_About this task_
Reproduce the listing below in full and exactly; no pictures belong in the copy.
+++ Extracted material
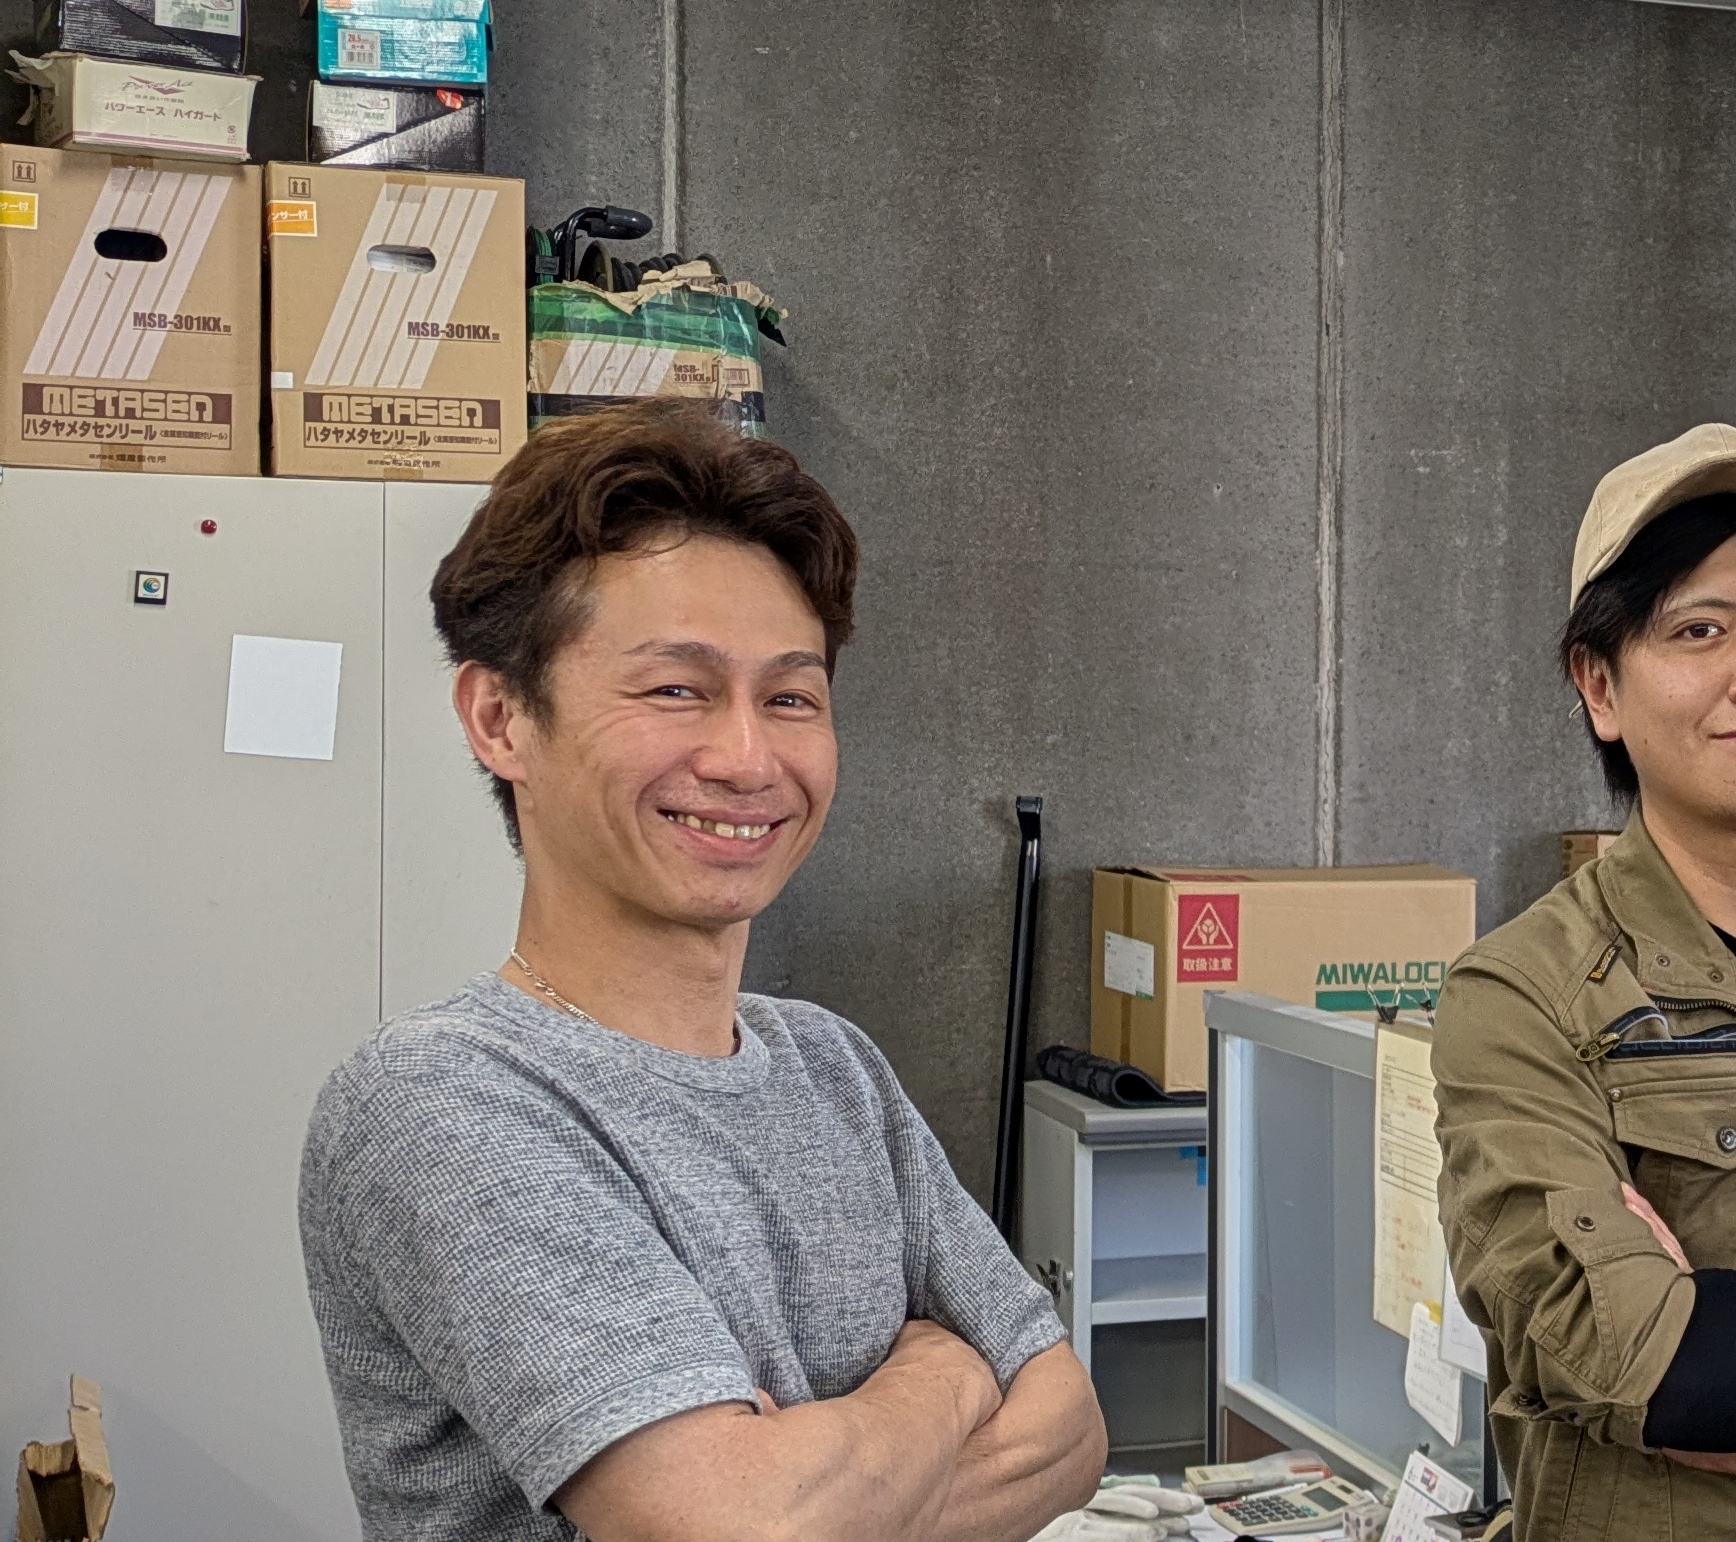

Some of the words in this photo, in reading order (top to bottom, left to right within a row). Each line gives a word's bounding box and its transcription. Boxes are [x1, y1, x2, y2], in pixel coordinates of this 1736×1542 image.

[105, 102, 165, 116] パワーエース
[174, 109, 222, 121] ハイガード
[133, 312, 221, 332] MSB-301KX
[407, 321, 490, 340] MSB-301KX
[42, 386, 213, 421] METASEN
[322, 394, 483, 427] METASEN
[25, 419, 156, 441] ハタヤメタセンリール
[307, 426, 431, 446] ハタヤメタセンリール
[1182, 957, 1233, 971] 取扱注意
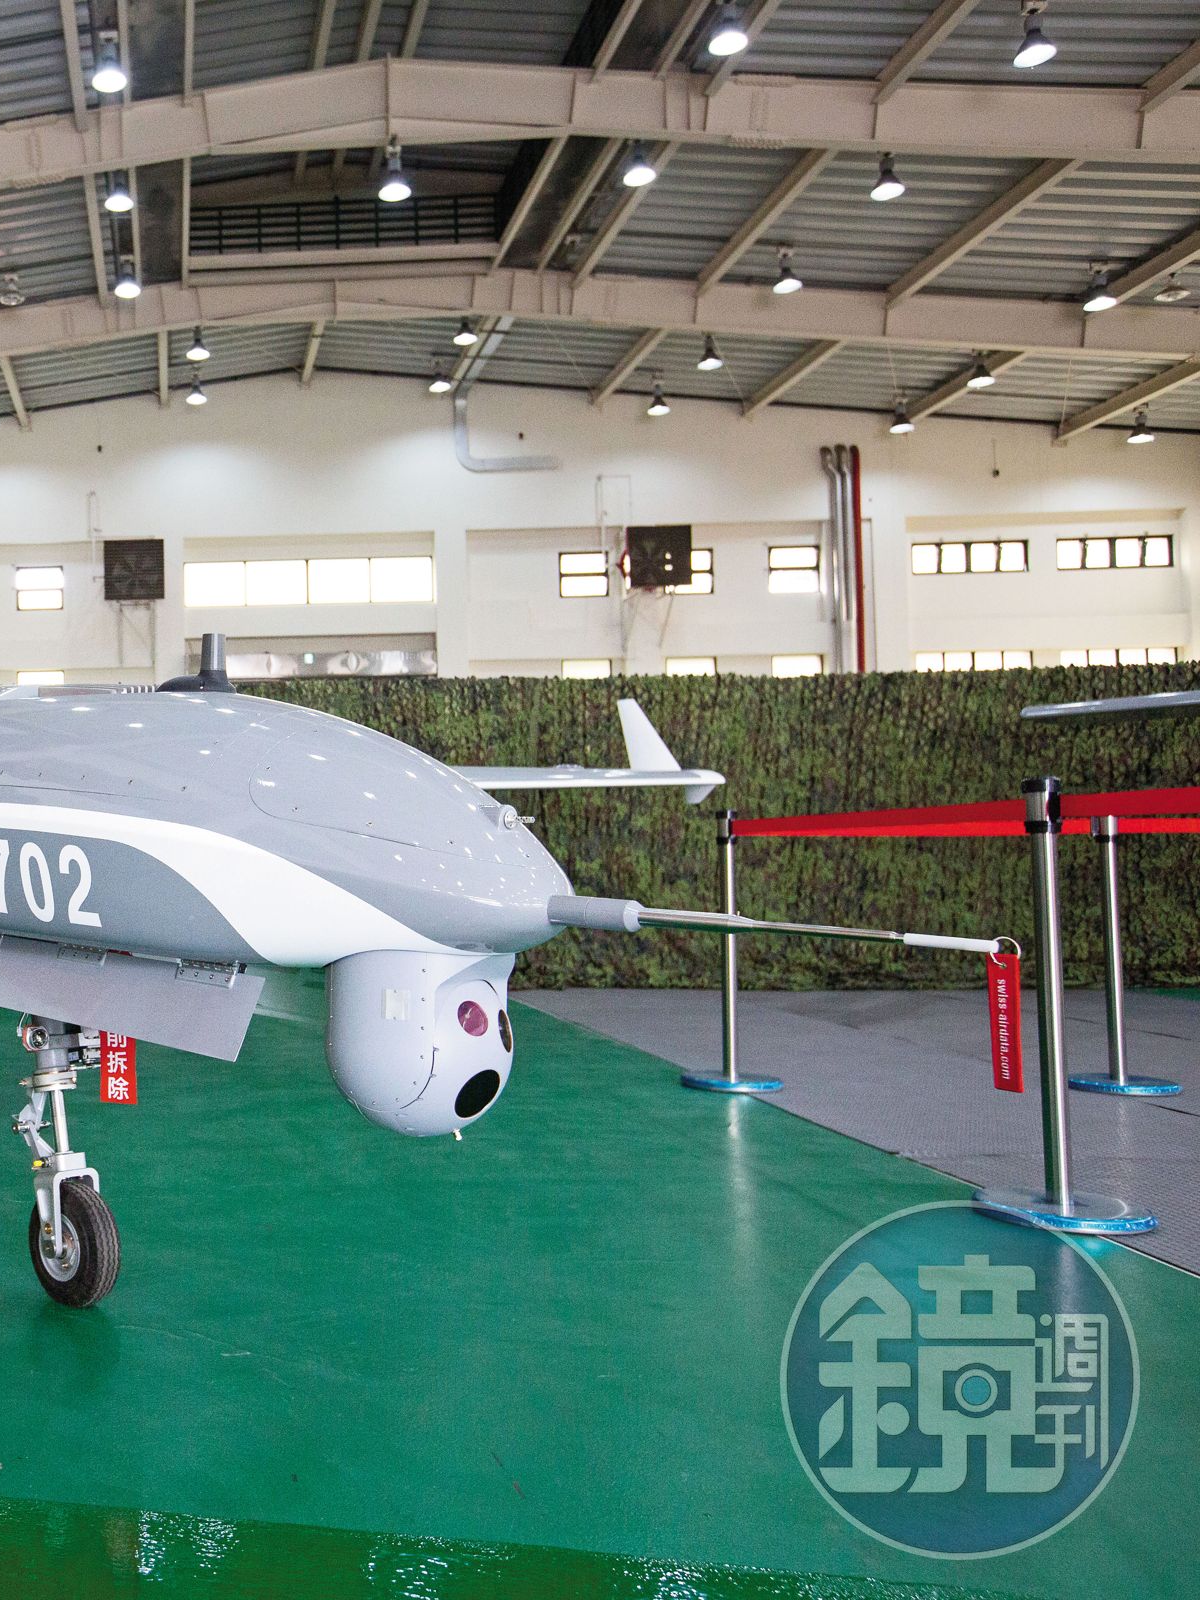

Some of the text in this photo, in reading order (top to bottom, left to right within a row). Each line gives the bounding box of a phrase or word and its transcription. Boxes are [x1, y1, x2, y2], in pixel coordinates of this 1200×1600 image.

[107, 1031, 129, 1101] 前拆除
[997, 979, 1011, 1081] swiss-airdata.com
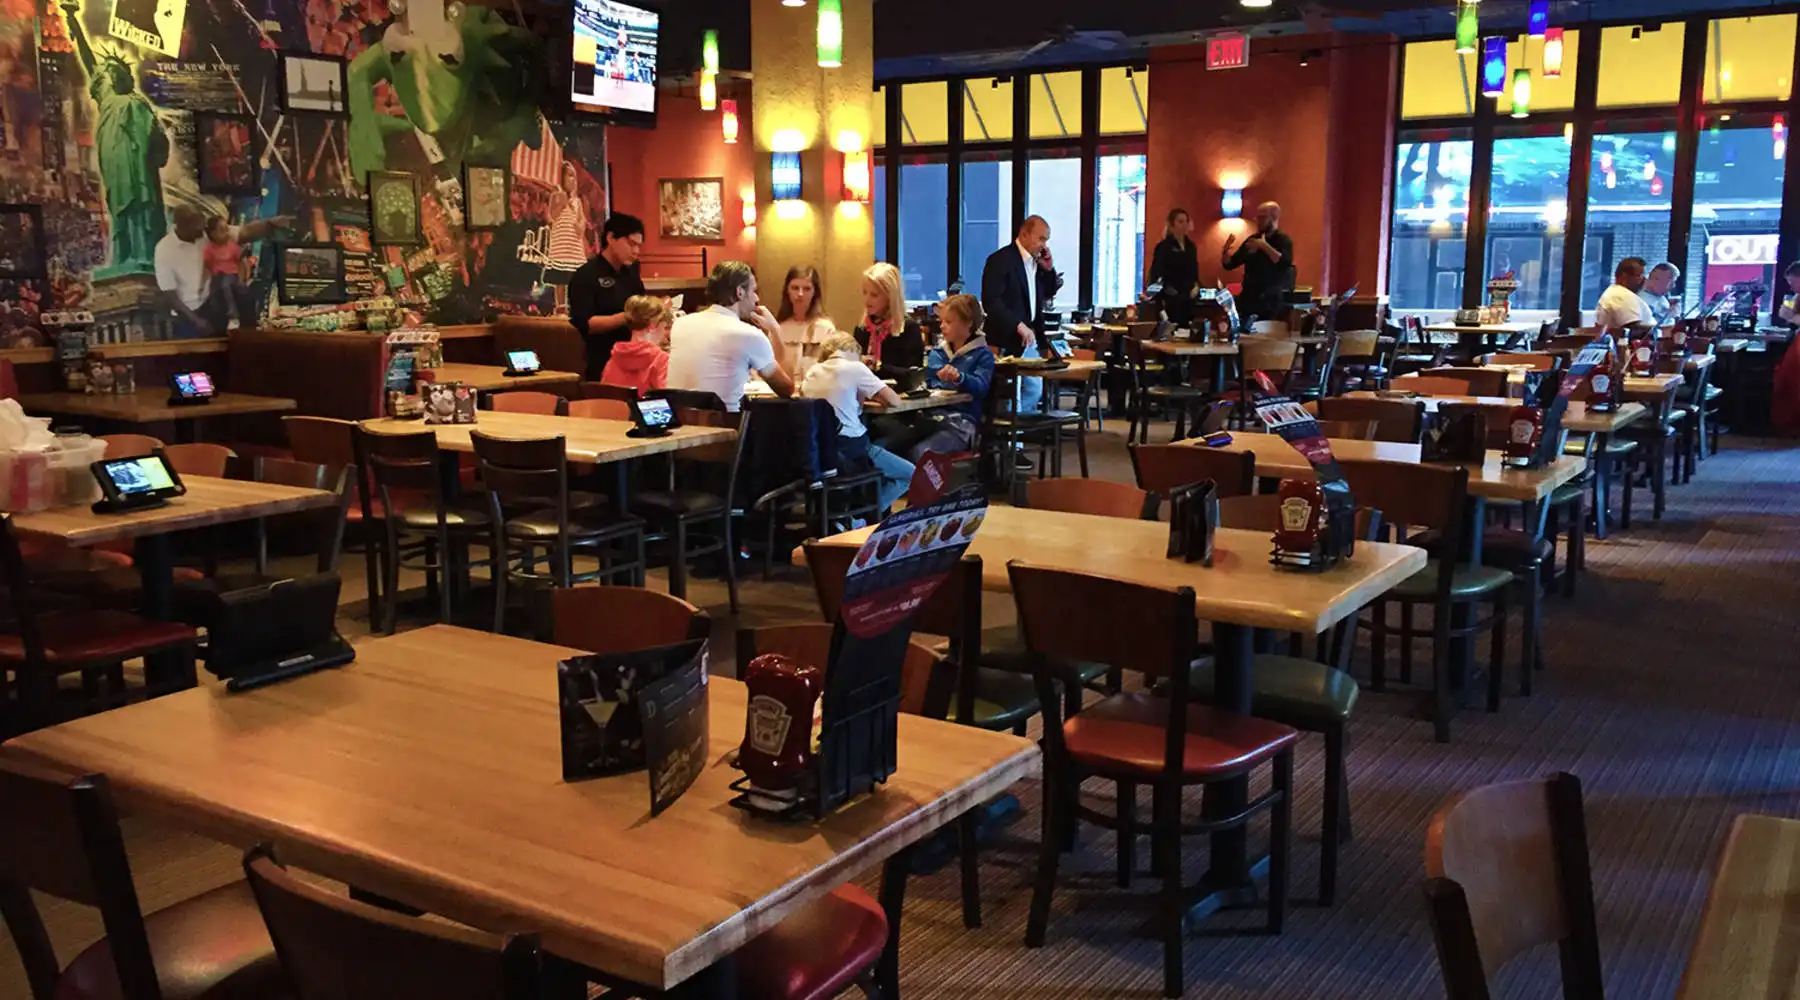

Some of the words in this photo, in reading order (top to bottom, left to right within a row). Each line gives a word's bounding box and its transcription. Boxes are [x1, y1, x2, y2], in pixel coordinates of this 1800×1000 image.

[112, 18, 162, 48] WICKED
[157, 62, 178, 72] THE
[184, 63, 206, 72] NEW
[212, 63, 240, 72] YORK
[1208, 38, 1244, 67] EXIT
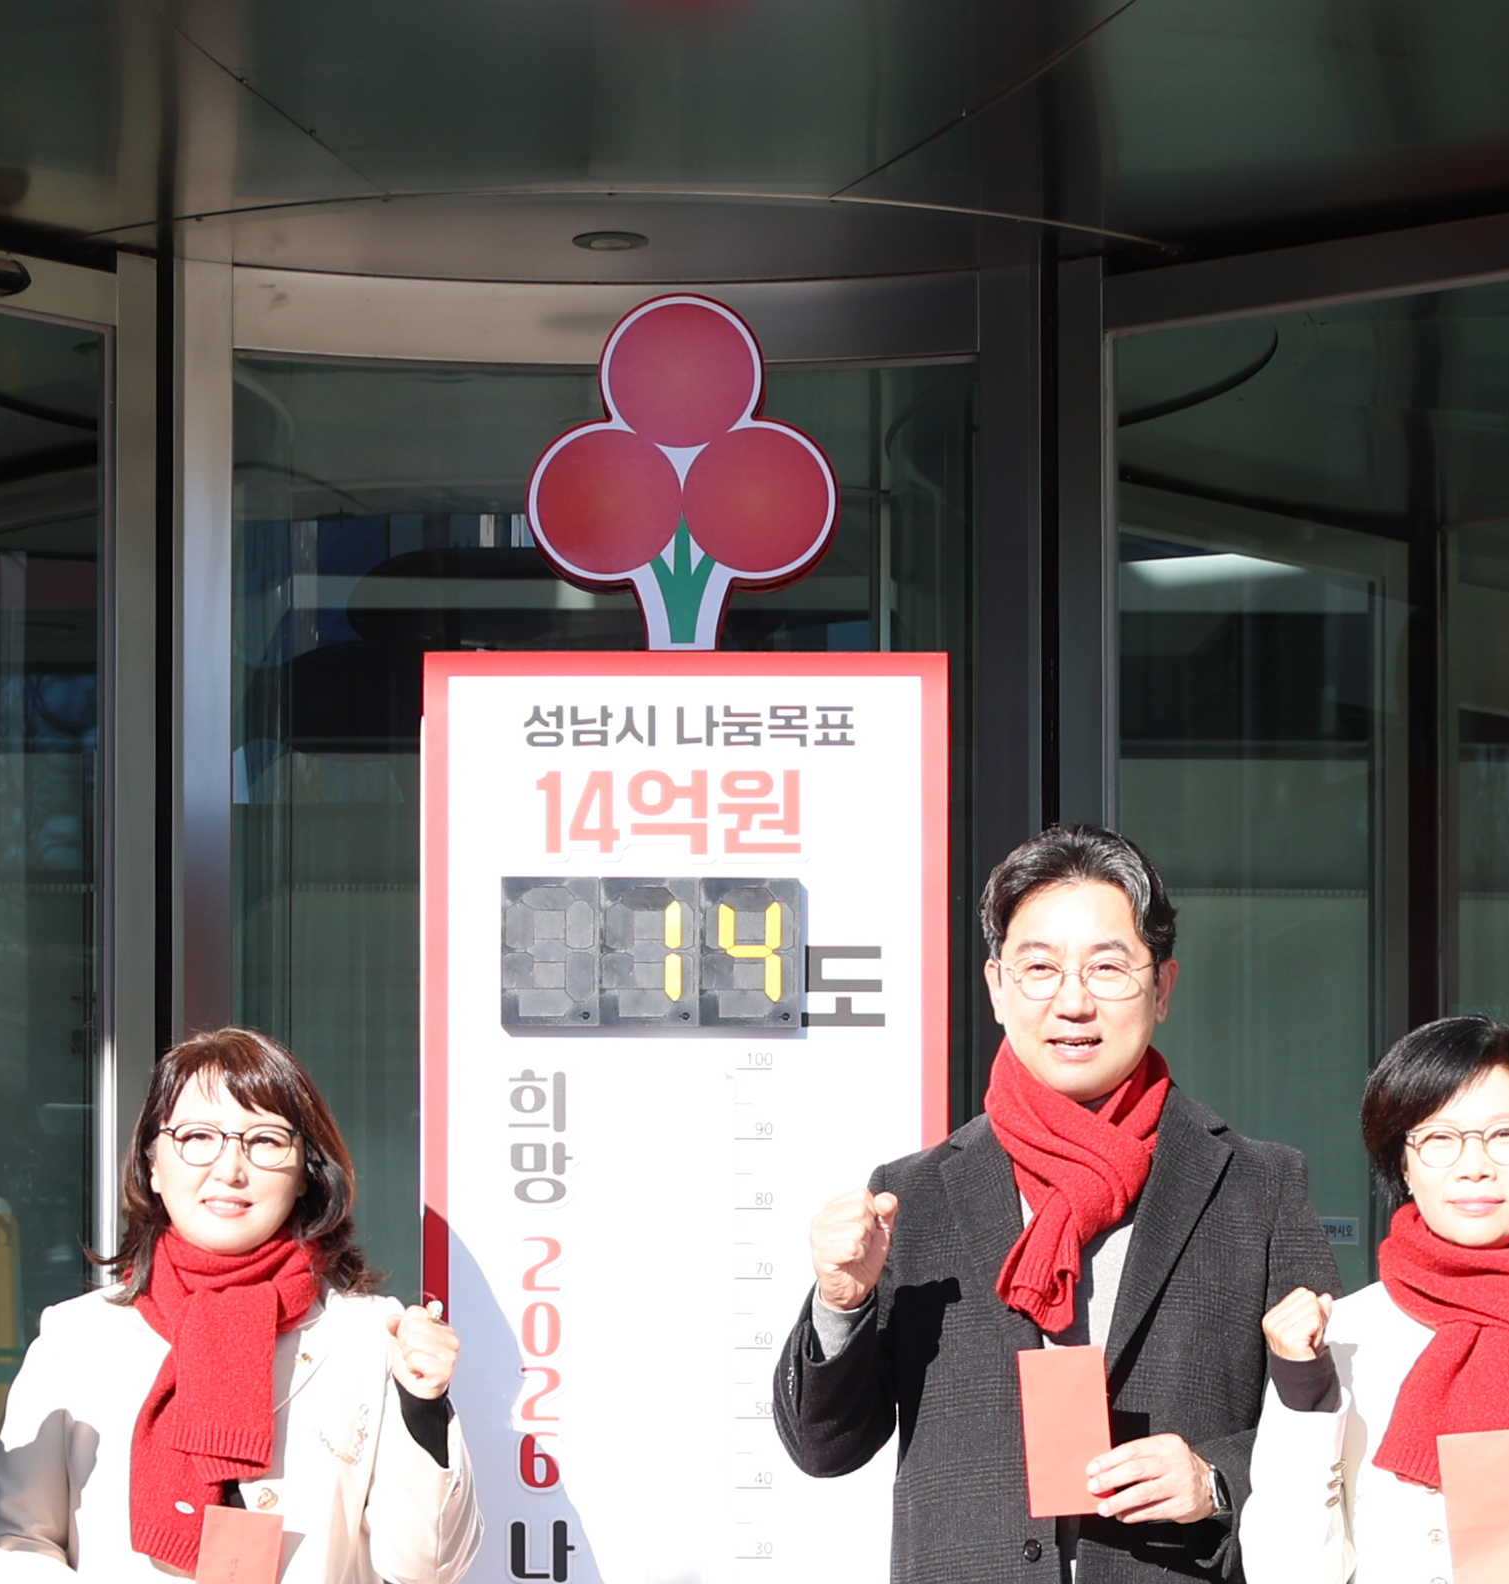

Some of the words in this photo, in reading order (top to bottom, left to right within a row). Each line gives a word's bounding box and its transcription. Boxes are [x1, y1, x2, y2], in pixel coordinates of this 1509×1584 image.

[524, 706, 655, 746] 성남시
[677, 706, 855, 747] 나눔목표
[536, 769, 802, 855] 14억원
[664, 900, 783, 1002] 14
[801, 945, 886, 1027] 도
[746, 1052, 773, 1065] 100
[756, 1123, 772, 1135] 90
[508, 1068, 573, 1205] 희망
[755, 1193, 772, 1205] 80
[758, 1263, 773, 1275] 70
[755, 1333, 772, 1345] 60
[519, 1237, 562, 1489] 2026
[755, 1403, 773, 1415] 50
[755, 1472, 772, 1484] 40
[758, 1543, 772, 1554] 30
++++++
_Final answer_
Some of the words in this photo, in reading order (top to bottom, left to right within a row). Each line gives a word's bounding box and its transcription. Boxes are [x1, y1, x2, y2], in pixel coordinates of this 1736×1542 image.

[105, 102, 165, 116] パワーエース
[174, 109, 222, 121] ハイガード
[133, 312, 221, 332] MSB-301KX
[407, 321, 490, 340] MSB-301KX
[42, 386, 213, 421] METASEN
[322, 394, 483, 427] METASEN
[25, 419, 156, 441] ハタヤメタセンリール
[307, 426, 431, 446] ハタヤメタセンリール
[1182, 957, 1233, 971] 取扱注意

Some of the text in this photo, in reading order (top to bottom, left to right within a row). Each line gives the bounding box of a phrase or word and its transcription. Boxes are [x1, y1, x2, y2], in pixel coordinates of this 1200×1600 image.

[107, 1031, 129, 1101] 前拆除
[997, 979, 1011, 1081] swiss-airdata.com

Some of the words in this photo, in reading order (top to bottom, left to right within a row). Each line gives a word's bounding box and its transcription. Boxes are [x1, y1, x2, y2], in pixel coordinates of this 1800×1000 image.

[112, 18, 162, 48] WICKED
[157, 62, 178, 72] THE
[184, 63, 206, 72] NEW
[212, 63, 240, 72] YORK
[1208, 38, 1244, 67] EXIT

Some of the words in this photo, in reading order (top to bottom, left to right within a row). Each line gives a word's bounding box and its transcription. Boxes are [x1, y1, x2, y2], in pixel coordinates of this 1509×1584 image.

[524, 706, 655, 746] 성남시
[677, 706, 855, 747] 나눔목표
[536, 769, 802, 855] 14억원
[664, 900, 783, 1002] 14
[801, 945, 886, 1027] 도
[746, 1052, 773, 1065] 100
[756, 1123, 772, 1135] 90
[508, 1068, 573, 1205] 희망
[755, 1193, 772, 1205] 80
[758, 1263, 773, 1275] 70
[755, 1333, 772, 1345] 60
[519, 1237, 562, 1489] 2026
[755, 1403, 773, 1415] 50
[755, 1472, 772, 1484] 40
[758, 1543, 772, 1554] 30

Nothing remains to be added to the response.